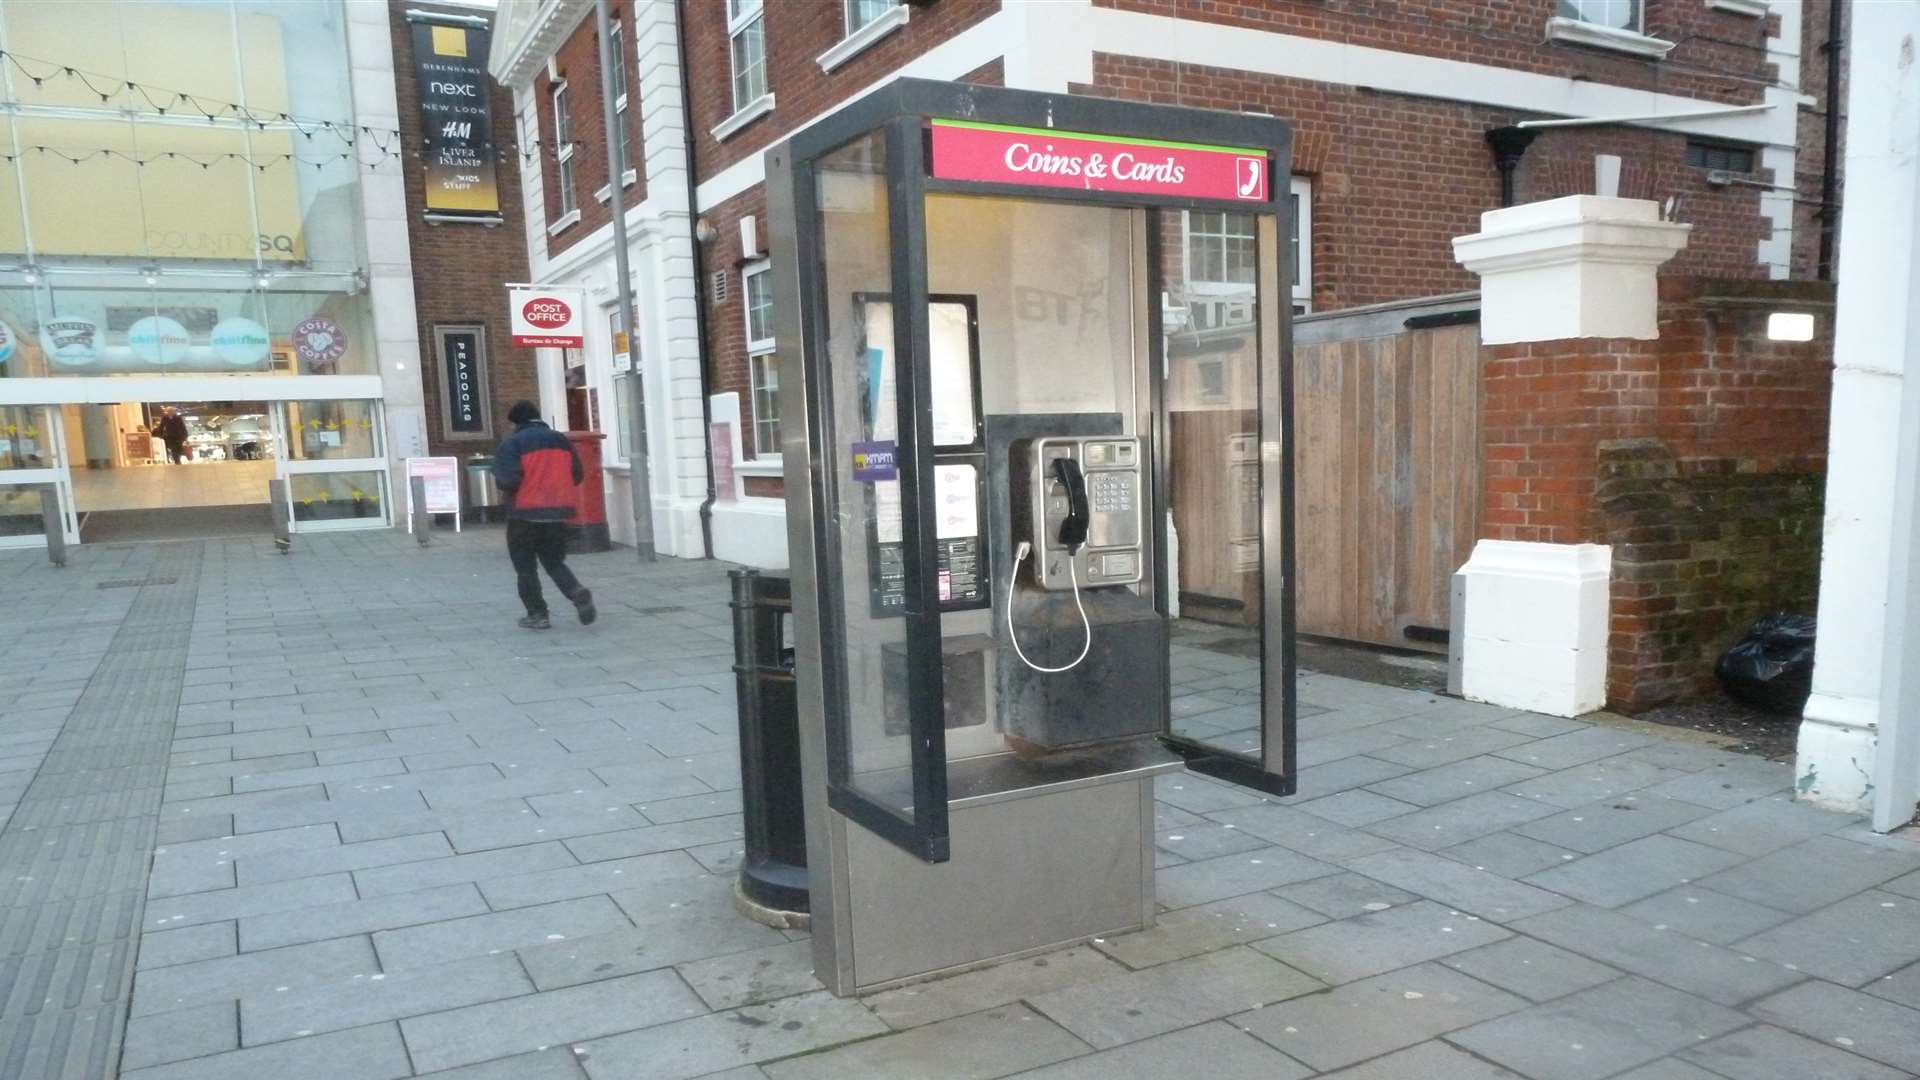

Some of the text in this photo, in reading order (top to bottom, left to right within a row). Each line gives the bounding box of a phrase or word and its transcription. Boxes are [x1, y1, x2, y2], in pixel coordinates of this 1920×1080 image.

[422, 63, 481, 74] DEBENHAMS
[431, 81, 476, 97] next
[422, 103, 486, 115] NEW LOOK
[442, 121, 472, 139] H&M
[1005, 143, 1185, 183] Coins & Cards
[258, 234, 294, 253] SQ
[533, 303, 562, 313] POST
[527, 312, 567, 322] OFFICE
[299, 322, 335, 334] COSTA
[457, 342, 472, 421] PEACOCKS
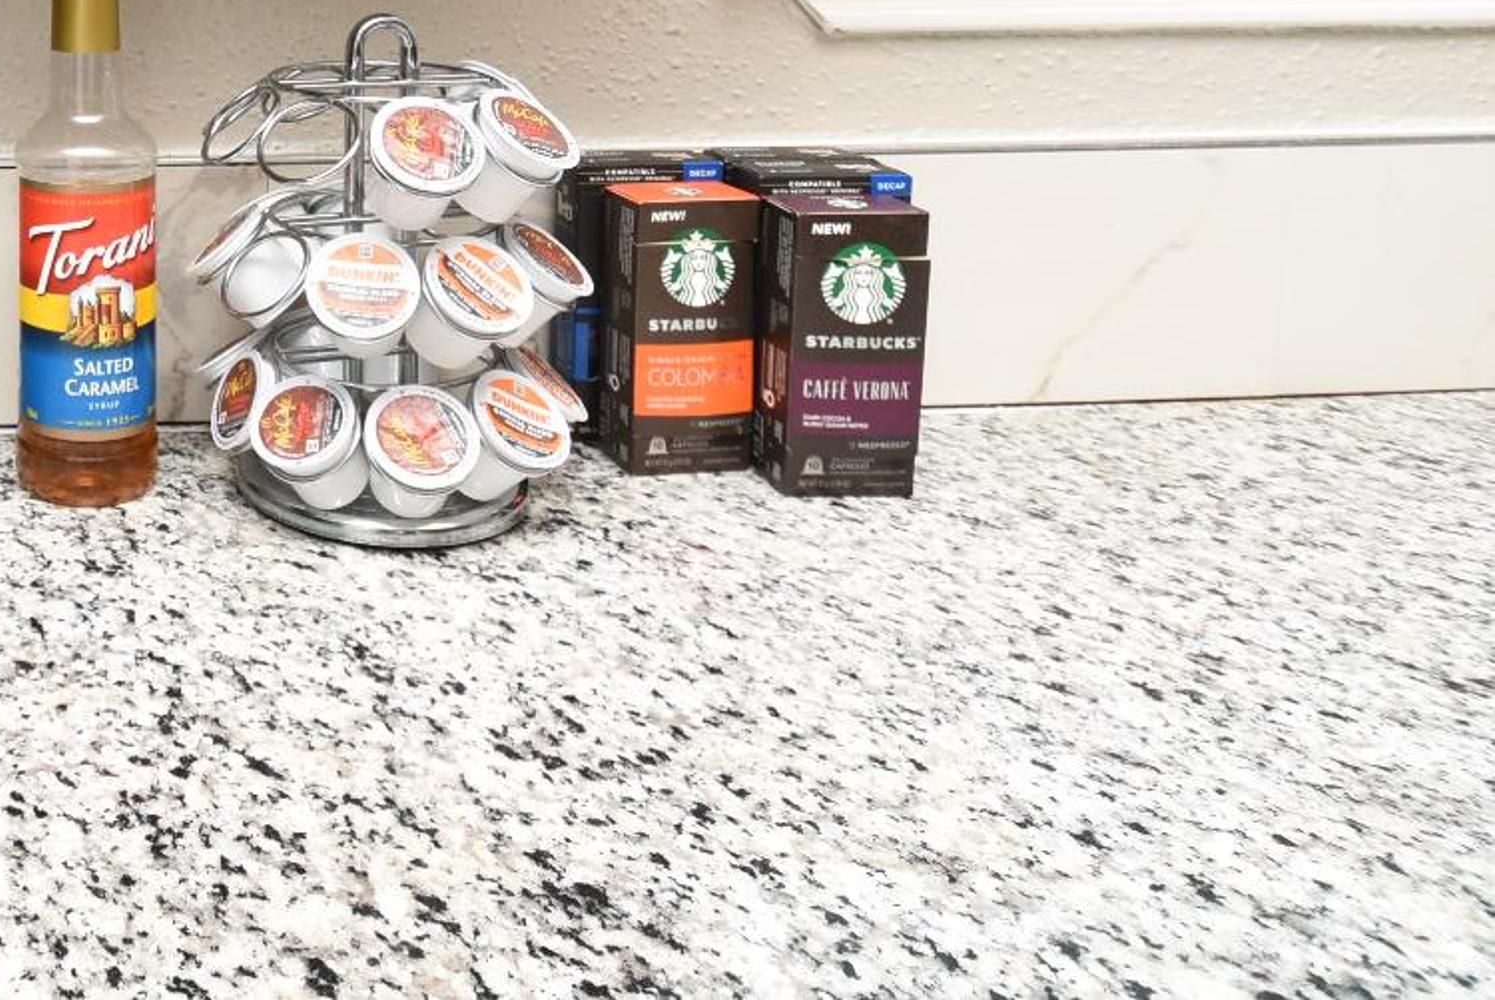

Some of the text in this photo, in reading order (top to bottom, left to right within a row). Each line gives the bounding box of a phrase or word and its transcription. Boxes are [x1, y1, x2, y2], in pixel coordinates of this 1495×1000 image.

[651, 210, 686, 223] NEW!
[811, 222, 852, 236] NEW!
[28, 203, 156, 296] Torani
[648, 317, 727, 332] STARBU
[805, 334, 917, 350] STARBUCKS
[74, 357, 134, 376] SALTED
[647, 366, 727, 388] COLOM
[64, 376, 140, 397] CARAMEL
[854, 380, 910, 401] VERONA
[88, 400, 120, 411] SYRUP
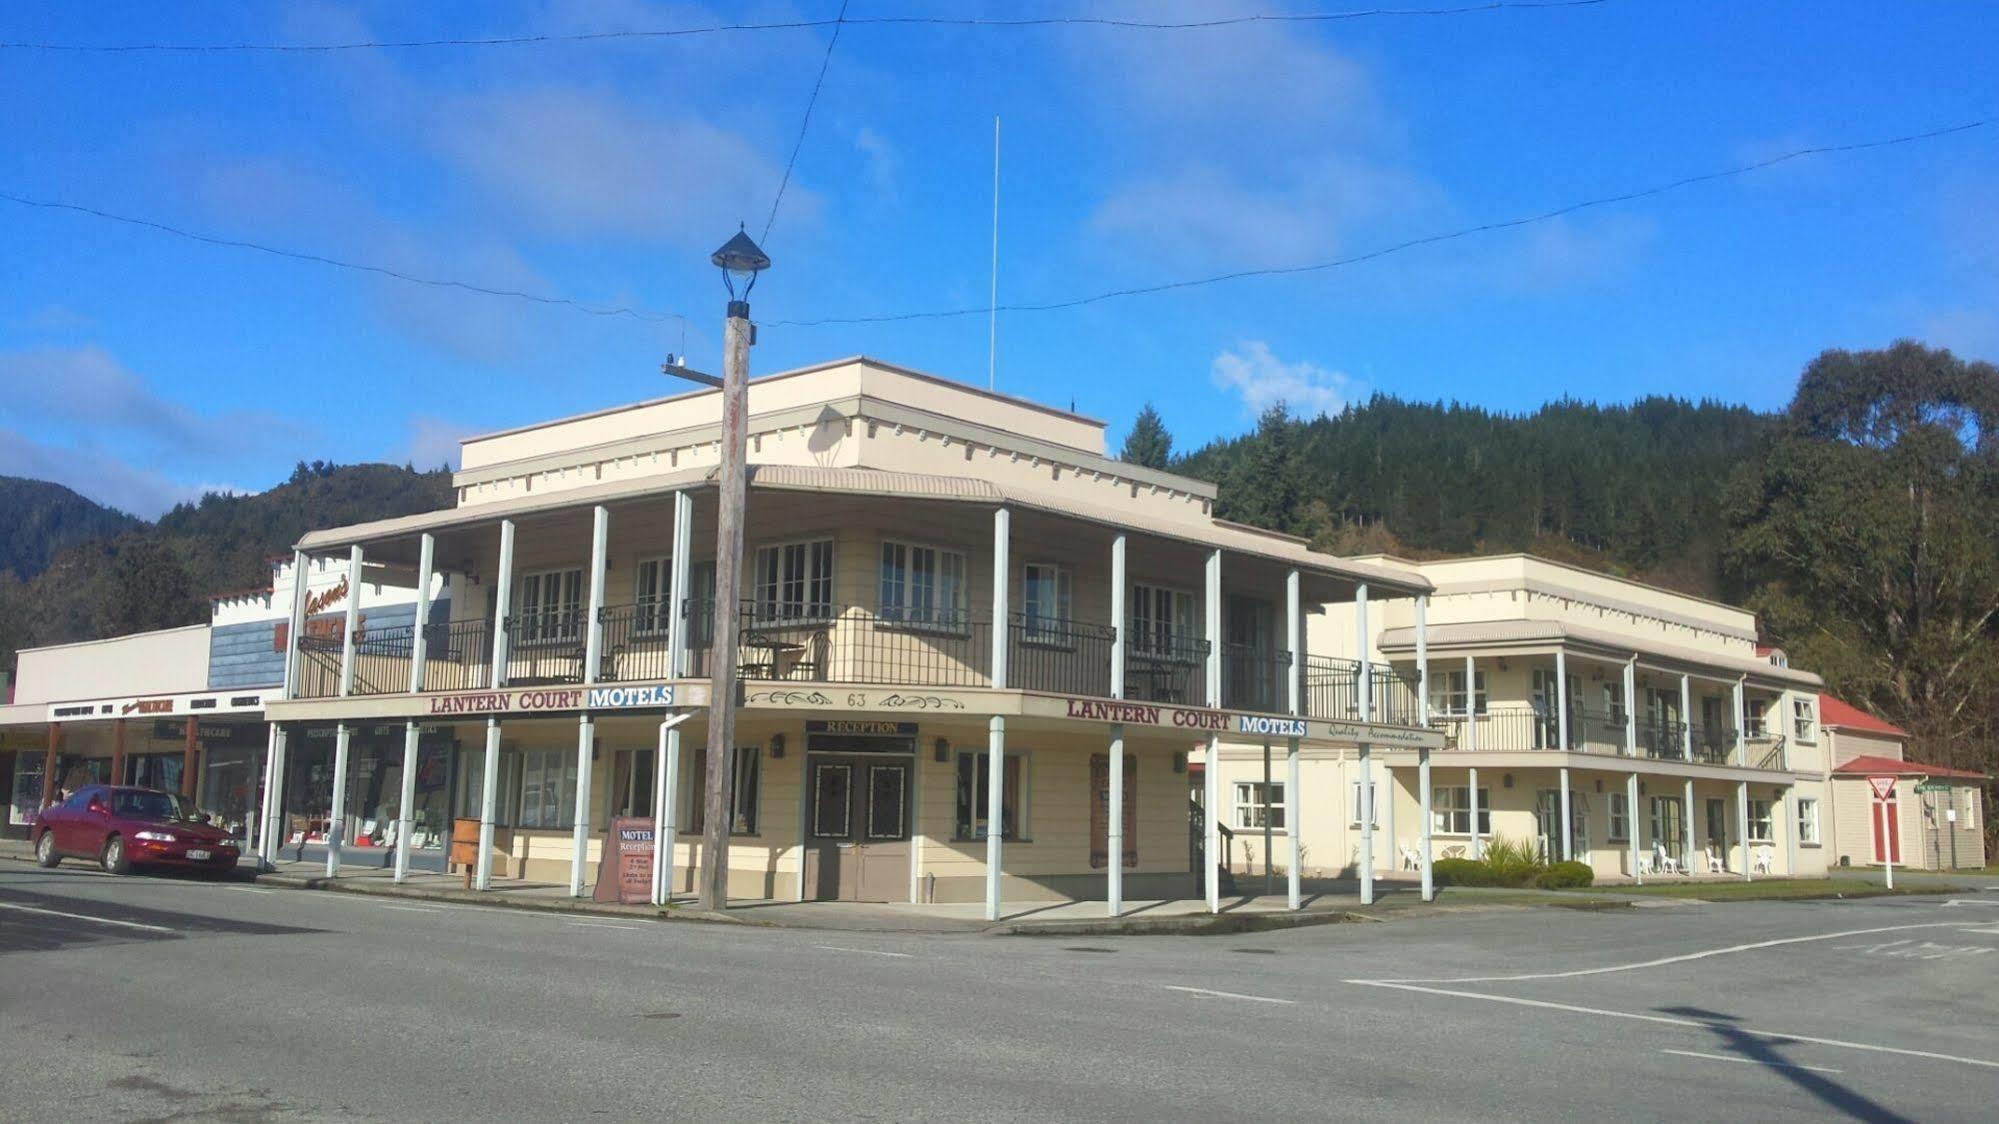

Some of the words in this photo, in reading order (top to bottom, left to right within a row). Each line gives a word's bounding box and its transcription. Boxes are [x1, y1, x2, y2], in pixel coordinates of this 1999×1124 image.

[430, 693, 512, 713] LANTERN
[519, 690, 582, 709] COURT
[589, 686, 673, 707] MOTELS
[847, 693, 866, 707] 63
[1066, 700, 1161, 725] LANTERN
[1172, 710, 1232, 730] COURT
[1241, 715, 1306, 736] MOTELS
[827, 721, 897, 733] RECEPTION
[1328, 723, 1359, 739] Quality
[621, 830, 654, 840] MOTEL

> [Directions for this task] Restate word for word the lines above that start at the line containing "this 1495×1000 image." and run to the end of the listing; exclude the pictures.

> [Solution for this task]
Some of the text in this photo, in reading order (top to bottom, left to right within a row). Each line gives the bounding box of a phrase or word and its transcription. Boxes are [x1, y1, x2, y2], in pixel coordinates of this 1495×1000 image.

[651, 210, 686, 223] NEW!
[811, 222, 852, 236] NEW!
[28, 203, 156, 296] Torani
[648, 317, 727, 332] STARBU
[805, 334, 917, 350] STARBUCKS
[74, 357, 134, 376] SALTED
[647, 366, 727, 388] COLOM
[64, 376, 140, 397] CARAMEL
[854, 380, 910, 401] VERONA
[88, 400, 120, 411] SYRUP

Some of the words in this photo, in reading order (top to bottom, left to right within a row). Each line gives a word's bounding box and its transcription. Boxes are [x1, y1, x2, y2], in pixel coordinates of this 1999×1124 image.

[430, 693, 512, 713] LANTERN
[519, 690, 582, 709] COURT
[589, 686, 673, 707] MOTELS
[847, 693, 866, 707] 63
[1066, 700, 1161, 725] LANTERN
[1172, 710, 1232, 730] COURT
[1241, 715, 1306, 736] MOTELS
[827, 721, 897, 733] RECEPTION
[1328, 723, 1359, 739] Quality
[621, 830, 654, 840] MOTEL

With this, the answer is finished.